The danger is of course that many people will jump to a whole bundle of conclusions which doesn’t matter if the person doing it is the average ‘Saloon bar Johnnie’. (I always rather like that label).Unfortunately he could also be the local Special Branch Officer or one of his ‘Blairite’ reincarnations who acts on the label and the erroneous conclusions thus drawn. Until recently this was not a major threat but with the increasing powers and power of the police jumping to conclusions can have serious consequences for the person so labelled. Being shot on a tube train for example.

Consider this true story. A friend of mine had always been interested in amateur radio and pop music and with the advent of the Pirate Radio stations he got to wondering what would be involved. He had a brief chat with a work mate as to what would have to be done. Firstly a boat would be needed to get beyond the three mile limit, a generator source would be needed for the valve based generator and a rather large aerial would also be needed. He also mused that such a station would be very useful to his mates who were all ‘Ban the Bombers’. A few weeks later he was called in to the local police station to be asked questions about a stolen police radio transmitter. Needless to say my friend had stopped his musings as soon as he thought about bobbing up and down in a small boat in the English Channel but enough had been said to ‘bring him to notice’ as the police euphemism goes. In some totalitarian systems today he would have executed by firing squad the next day without all the fuss of an interview.

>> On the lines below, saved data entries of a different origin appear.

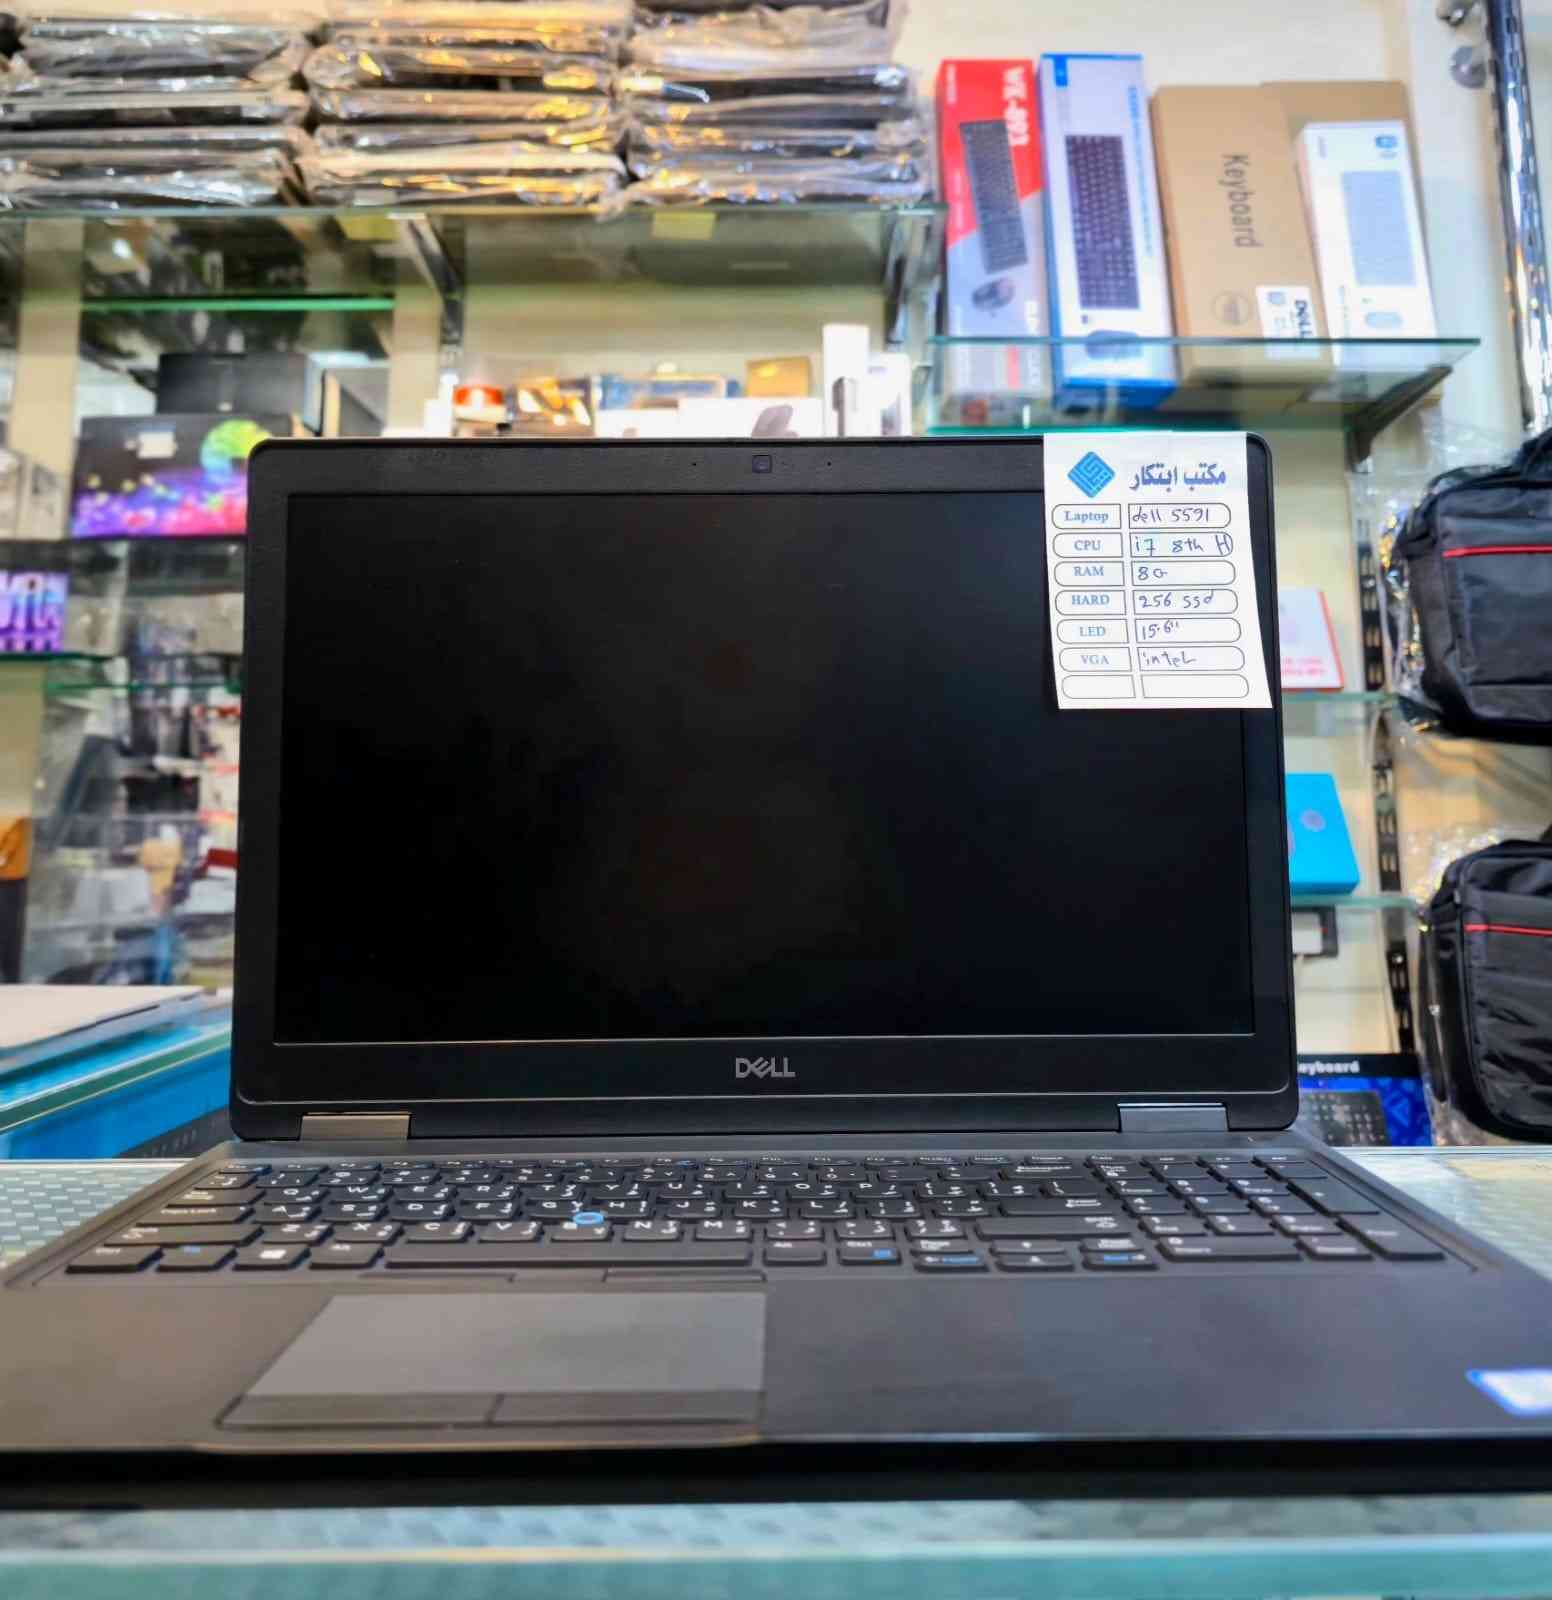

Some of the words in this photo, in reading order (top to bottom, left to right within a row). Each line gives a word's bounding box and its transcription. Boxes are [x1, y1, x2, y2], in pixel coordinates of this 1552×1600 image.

[1218, 152, 1264, 248] Keyboard
[1129, 463, 1178, 492] ابتکار
[1183, 463, 1227, 491] مکتب
[1065, 511, 1109, 523] Laptop
[1074, 539, 1101, 550] CPU
[1172, 537, 1205, 553] 8th
[1074, 566, 1105, 576] RAM
[1071, 594, 1110, 606] HARD
[1139, 591, 1172, 608] 256
[1079, 625, 1106, 636] LED
[1080, 654, 1109, 664] VGA
[736, 1056, 796, 1078] DELL
[1297, 1060, 1360, 1076] eyboard

It could of course not happen here? Of course it could because of peoples preparedness to add labels of convenience when their political ambitions so require it. That is why when someone starts to draw all kinds of conclusions from one piece of information about me, without even knowing me beyond the glancing canapé factor; I feel that I have learnt more about the labeller already, than he will ever be prepared to learn about me.